Listen, she looked better than a mix of Queen Nefertiti and Lena Horne. Summer Buck transformed and glowed as if a mix of a black Mother Teresa and, I don’t know, maybe one of those other Supremes who deserved more attention. I thought to myself, you need to go home and look up synonyms for “smitten” and “useless” and “obsessed.” I thought, out of nowhere, how I wanted to go write film reviews of Cleopatra, Roots, The Sound of Music, godawful The Birth of a Nation, The Cabinet of Dr. Caligari, Occurrence at Owl’s Creek Bridge, Django Unchained, and Dolemite. Those men stood in line, smiling as if they understood my attraction to Summer Buck. At that moment I thought about how I needed to get my shit together and make some movies of my own, Film Studies major that I was. I thought about how I needed to make College of the Foothills proud, finally, of a graduate who did something other than become a dental hygienist or H&R Block accountant.
To the boys she said, “Yes or no?” She said, “Look at this man and give me a thumbs up yes, or thumbs down no.”
I think I might’ve closed my eyes in prayer. They say that if you imagine or envision something hard enough, it’ll happen. I kind of went off on a tangent wondering who, in history, closed his or her eyes for a period of time and visualized World War II, the Plague, every hurricane that hit the Gulf Coast, a couple of our presidents, Polio, that one spacecraft that blew up with a teacher on board, slavery, World War I, the Titanic sinking, the Spanish flu, Heaven’s Gate, bell bottom pants, the designated hitter rule in the American League, Caddyshack II, diphtheria, Taco Bell, and pet rocks.
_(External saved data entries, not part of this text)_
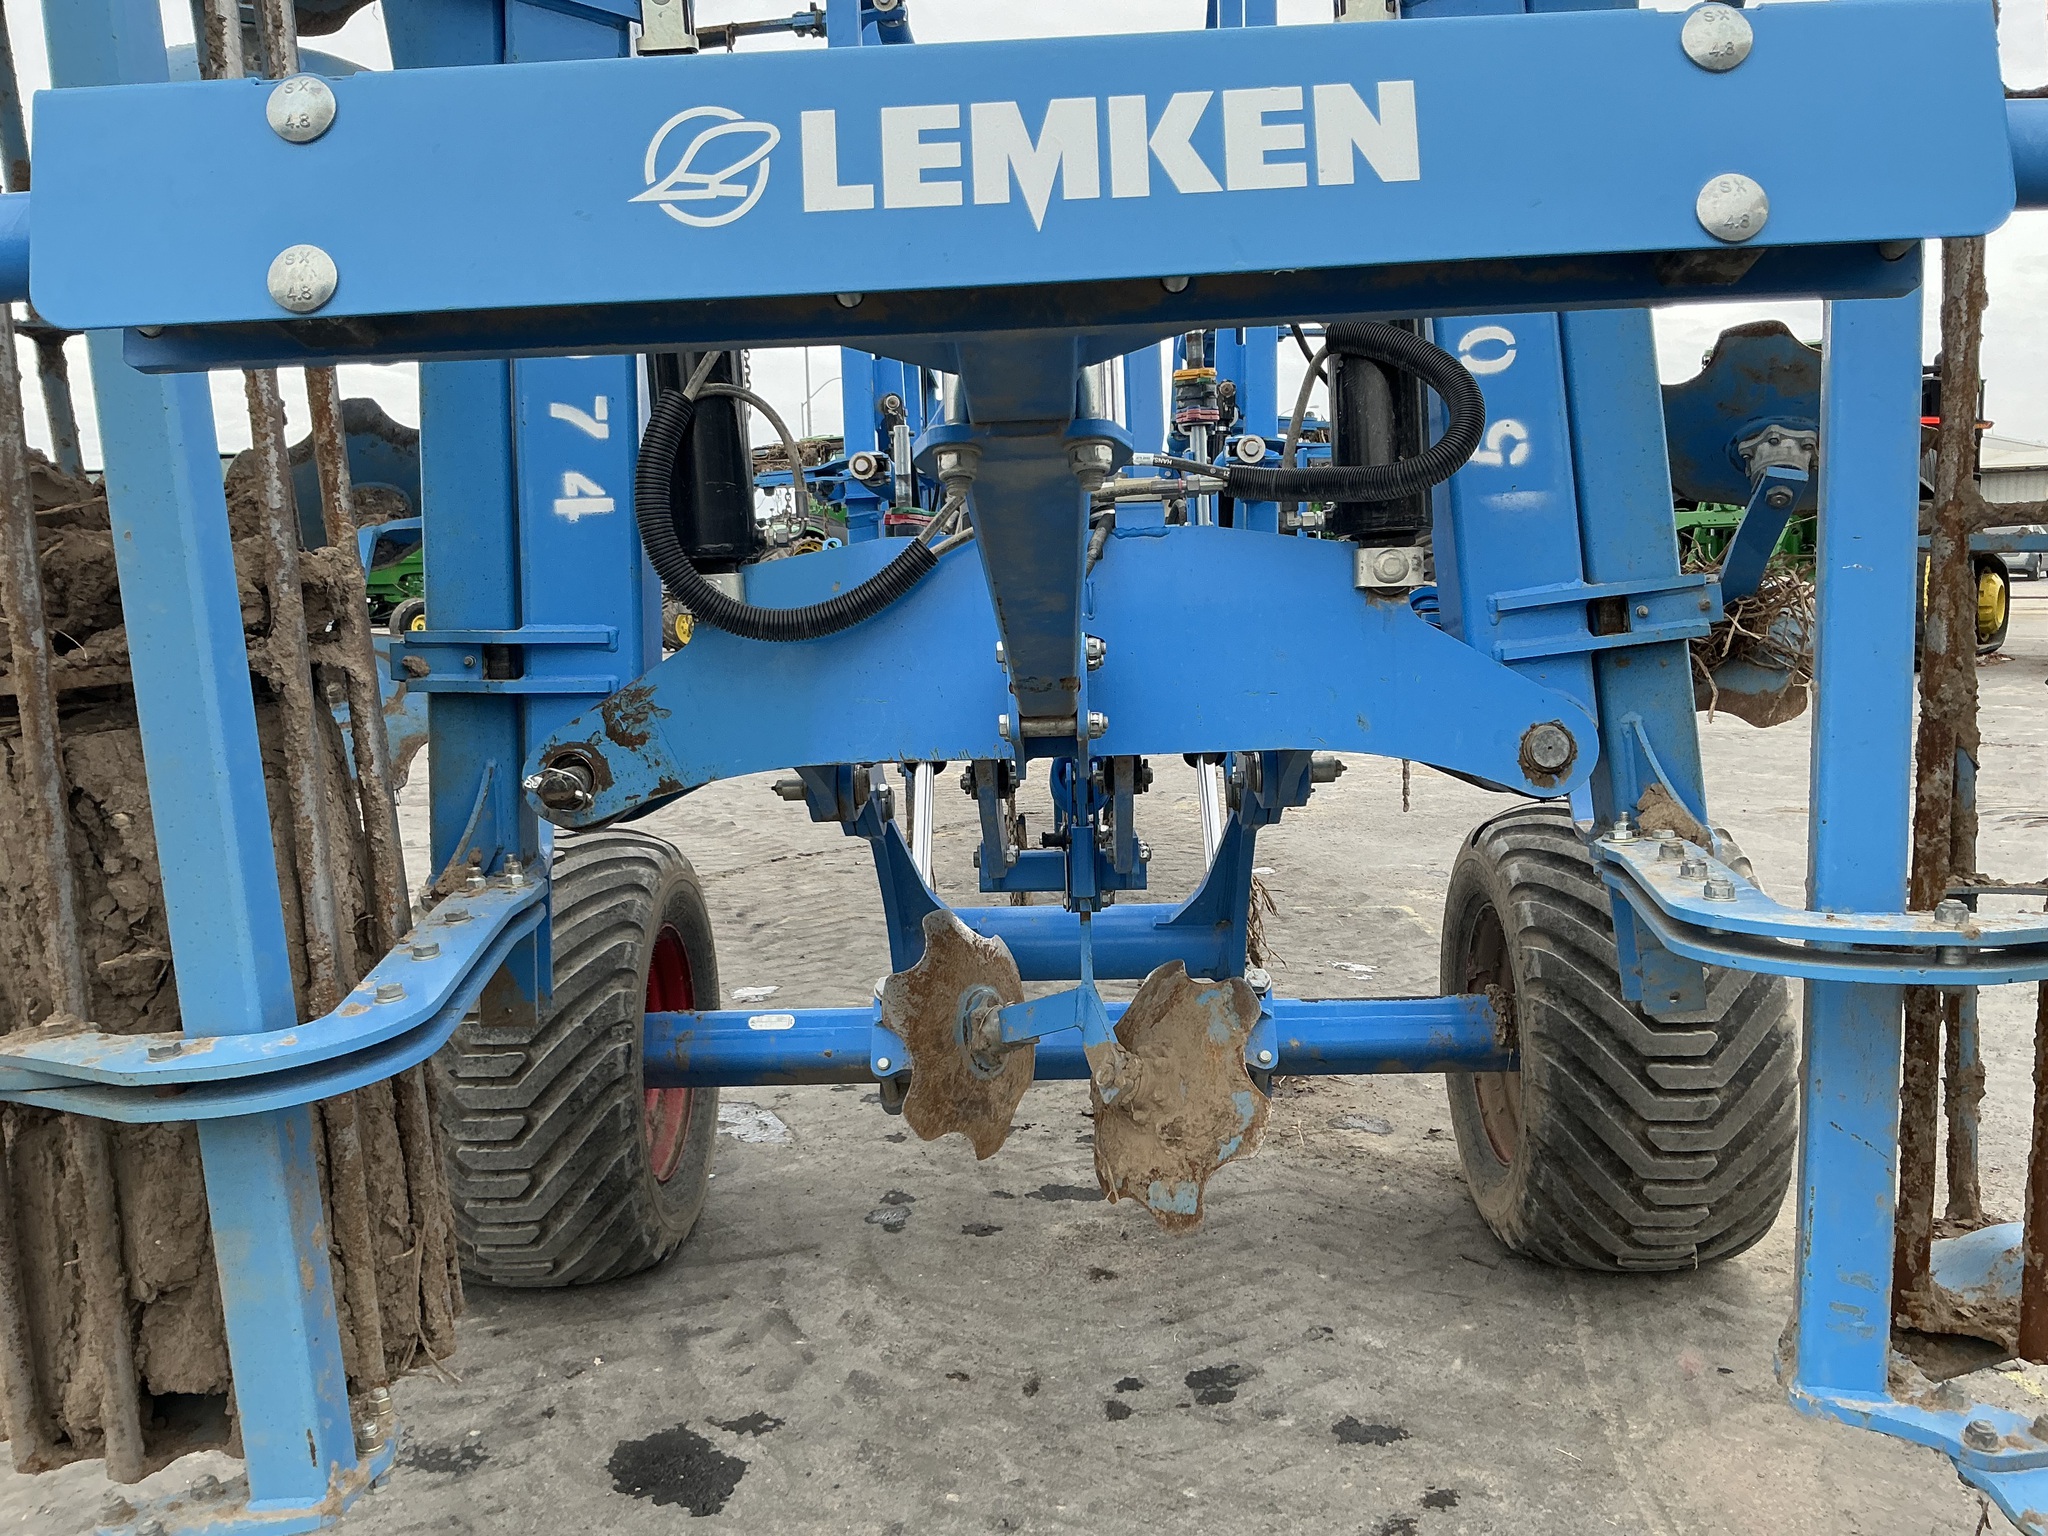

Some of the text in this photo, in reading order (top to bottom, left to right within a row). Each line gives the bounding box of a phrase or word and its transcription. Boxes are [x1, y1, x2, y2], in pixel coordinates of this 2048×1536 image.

[1708, 42, 1736, 58] 4.8
[284, 81, 309, 94] SX
[285, 113, 311, 129] 4.8
[799, 80, 1421, 232] LEMKEN
[1724, 214, 1750, 230] 4.8
[284, 251, 311, 265] SX
[286, 285, 313, 301] 4.8
[549, 356, 616, 522] 74
[1152, 457, 1173, 466] HANS
Oh, in my mind—this hadn’t happened to me since I stood in a drugstore at age sixteen, looking at all the bars of soap—I thought about Mount Vesuvius, New Coke, non-alcoholic beer, Carhenge, Jell-O salad, Kmart, Olive Garden, I-95, Texas hold ‘em, flat-roofed houses, DDT, the movie Plan 9 from Outer Space, the movie Glen or Glenda. I’d seen the beginnings and ends of both those films.
One of the men grunted, cleared his throat—it was the echolalia man—sang out an odd high-pitched noise that ended with “Hee-haw!” and I imagined his either nodding up and down, or sideways.
Finally, Summer Buck said, “That’s exactly how I feel, boys.”
Then I imagined us downstairs in the basement apartment, how we would name our first child Purell if a girl, Lysol if a boy. I opened my eyes, got in line with the men marching into the kitchen, and thought about what toppings I’d want, should I stay for supper.